The Colorado Sun reports that a group of direct-entry midwives is suing Colorado regulators, alleging DORA’s Division of Professions and Occupations is making it harder for them to practice safely and limiting families’ access to community birth care. The lawsuit alleges bias and sex-based discrimination, and the state declined comment on pending litigation. Those are allegations, not verdicts, but they are serious enough that DORA should have to answer them plainly.
The story centers on a sharp Colorado question: when more than one-third of Colorado counties are maternity-care deserts, and nearly half of rural women live more than 30 minutes from a birthing hospital, why is the state making it harder for trained providers to serve families? Denver bureaucrats love writing rules like everyone lives five minutes from Anschutz. Colorado does not work that way. Weld County sure as hell does not.
The Bullet Point Brief
- Colorado has more than 550 licensed midwives, but only just over 100 are direct-entry midwives with active licenses. Small group, big rural relevance.
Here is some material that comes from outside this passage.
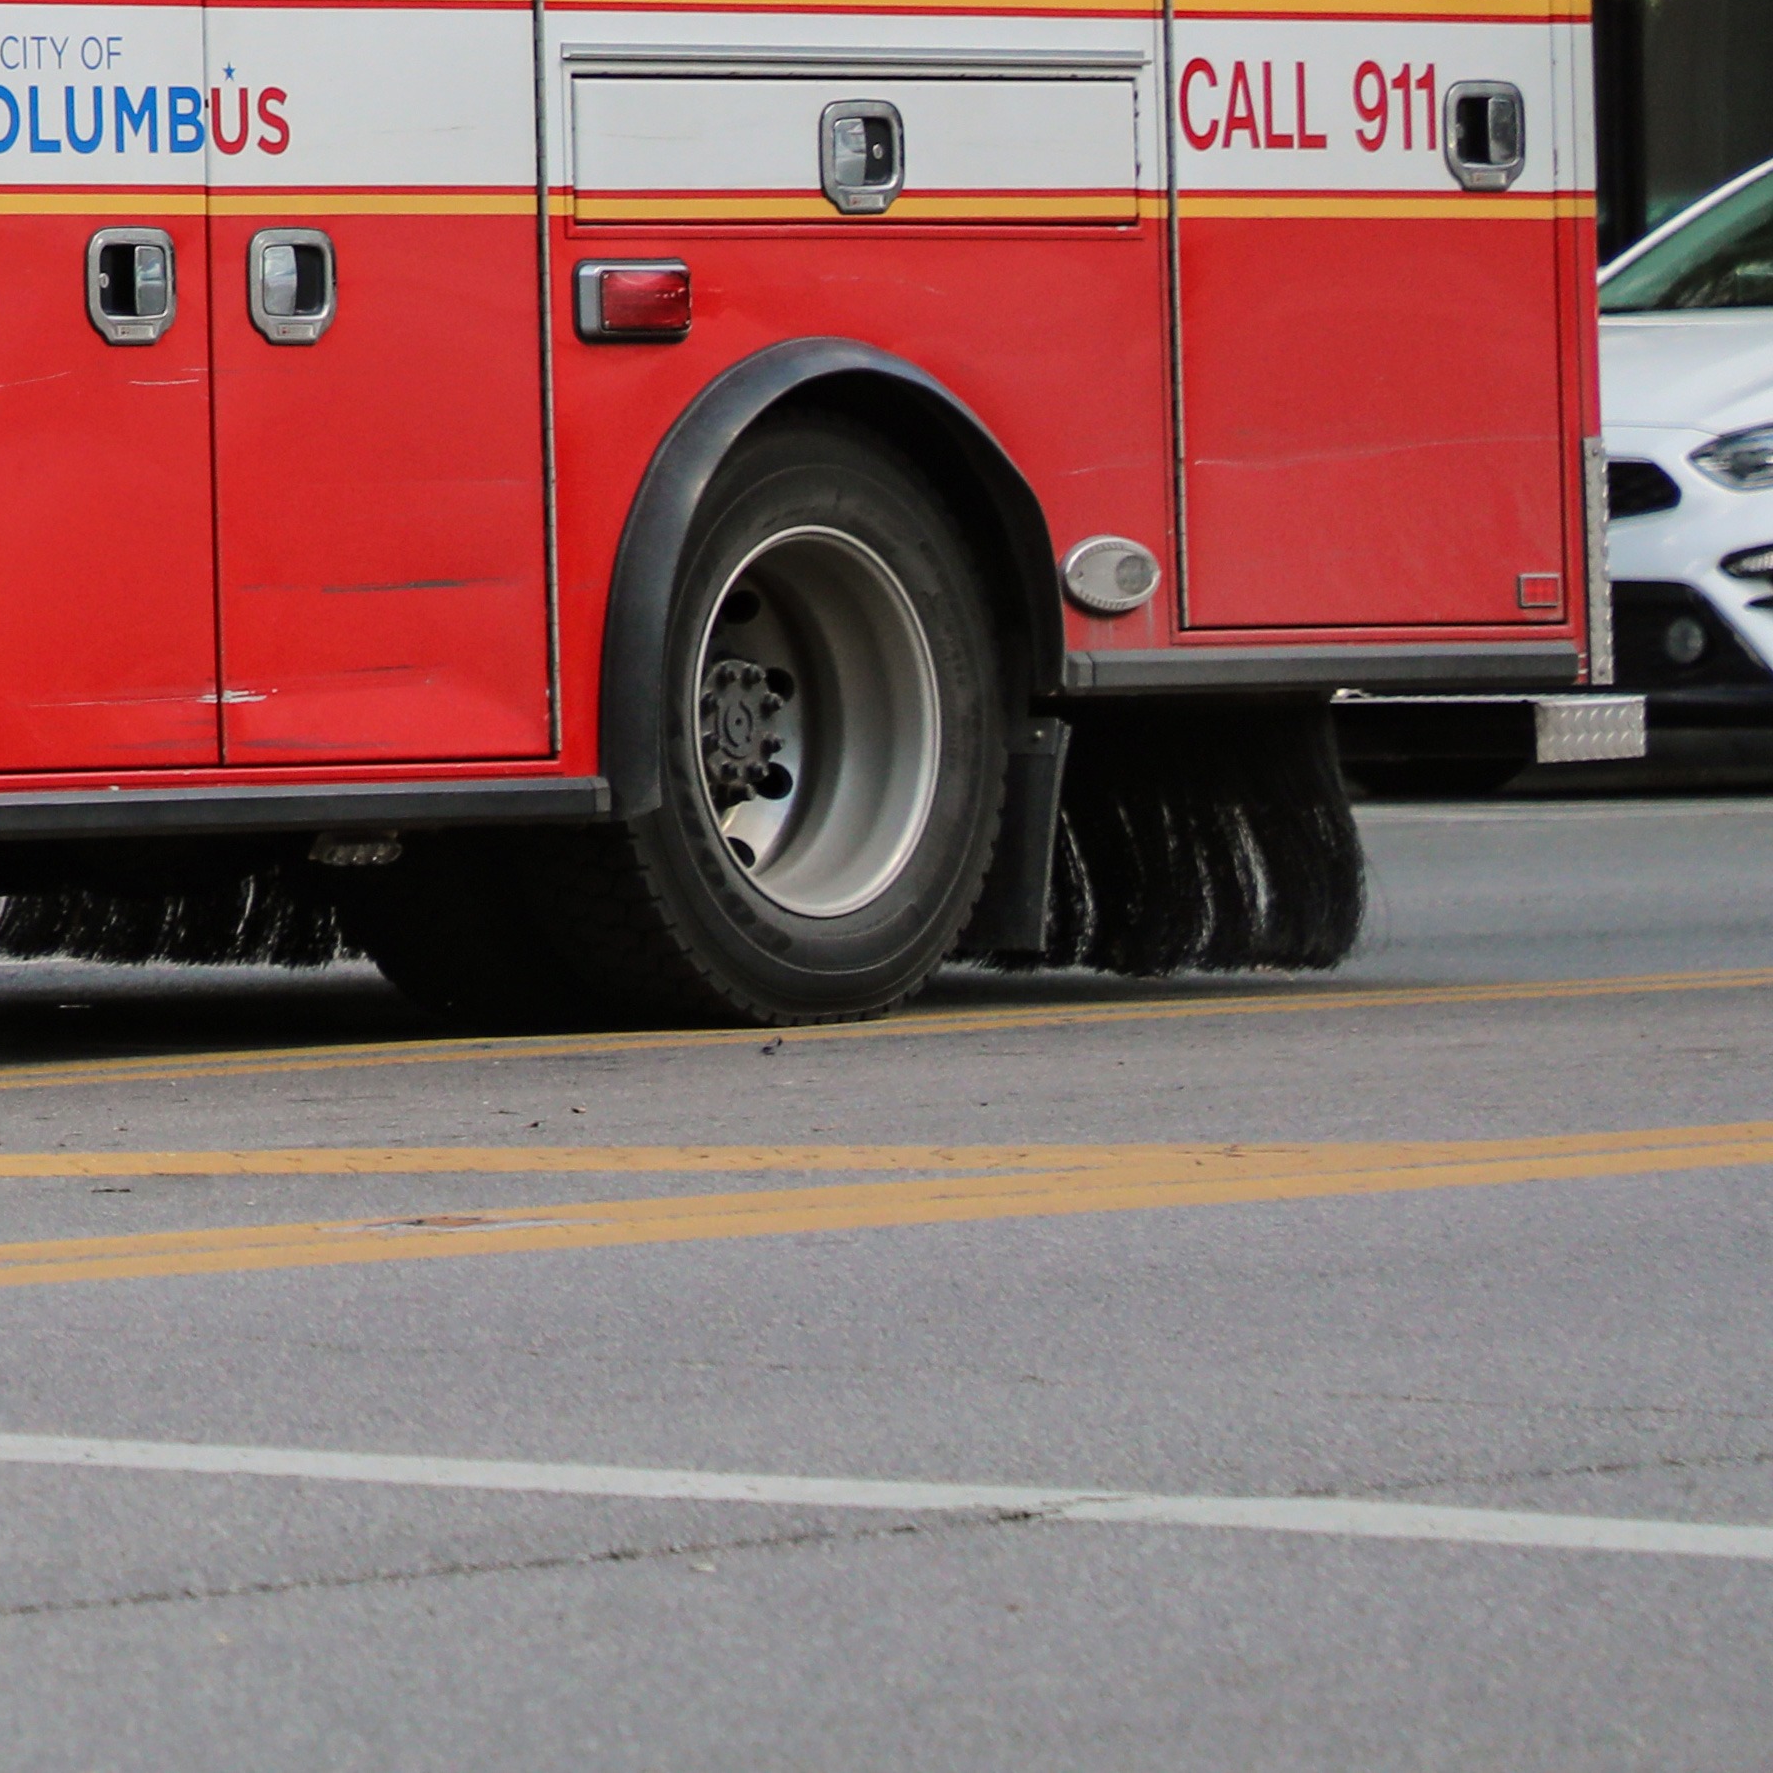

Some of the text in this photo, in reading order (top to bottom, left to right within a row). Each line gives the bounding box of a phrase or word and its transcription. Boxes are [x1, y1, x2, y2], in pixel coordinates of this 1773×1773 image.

[0, 35, 69, 70] CITY
[81, 36, 123, 70] OF
[1178, 57, 1438, 153] CALL 911
- Direct-entry midwives are regulated by one program director, not a board. Colorado is reportedly the only state using that model. Because apparently one-person bureaucracy is innovation now.
- The lawsuit alleges regulators disregard evidence favorable to midwives and limit their ability to practice. Alleged, yes. Worth serious scrutiny, absolutely.
- Complaints against direct-entry midwives reportedly stay open about 500 days on average, twice as long as other queried professions. That is not oversight. That is regulatory purgatory.
- Mothers, babies, and rural families are the point. Not turf wars. Not institutional ego. Not Denver pretending every county has hospital access on demand.
My Bottom Line
This is a classic Colorado regulator story: the state says it is protecting safety, while the people doing the work say the rules are making care harder to provide safely.
The lawsuit needs to prove its claims. DORA deserves the chance to respond. But the broader question is fair right now: are these rules about patient safety, or are they about institutional turf protection dressed up in bureaucratic khakis?
Nobody should romanticize childbirth. It is beautiful, yes. It can also turn dangerous fast. But that is exactly why rural families need more safe options, not fewer. If hospitals are closing labor and delivery units, if maternity-care deserts already exist, and if trained midwives are one of the few providers willing to serve hard-to-reach communities, then regulation should improve safety without strangling access.
Public safety is not measured by how many professionals a state can scare out of practice. It is measured by whether families can get competent care when and where they need it.
So let the lawsuit proceed. Let the evidence come out. But DORA should answer the adult questions now: why this model, why these timelines, why this level of discretion, and why should rural Colorado trust a system that the providers themselves say is broken?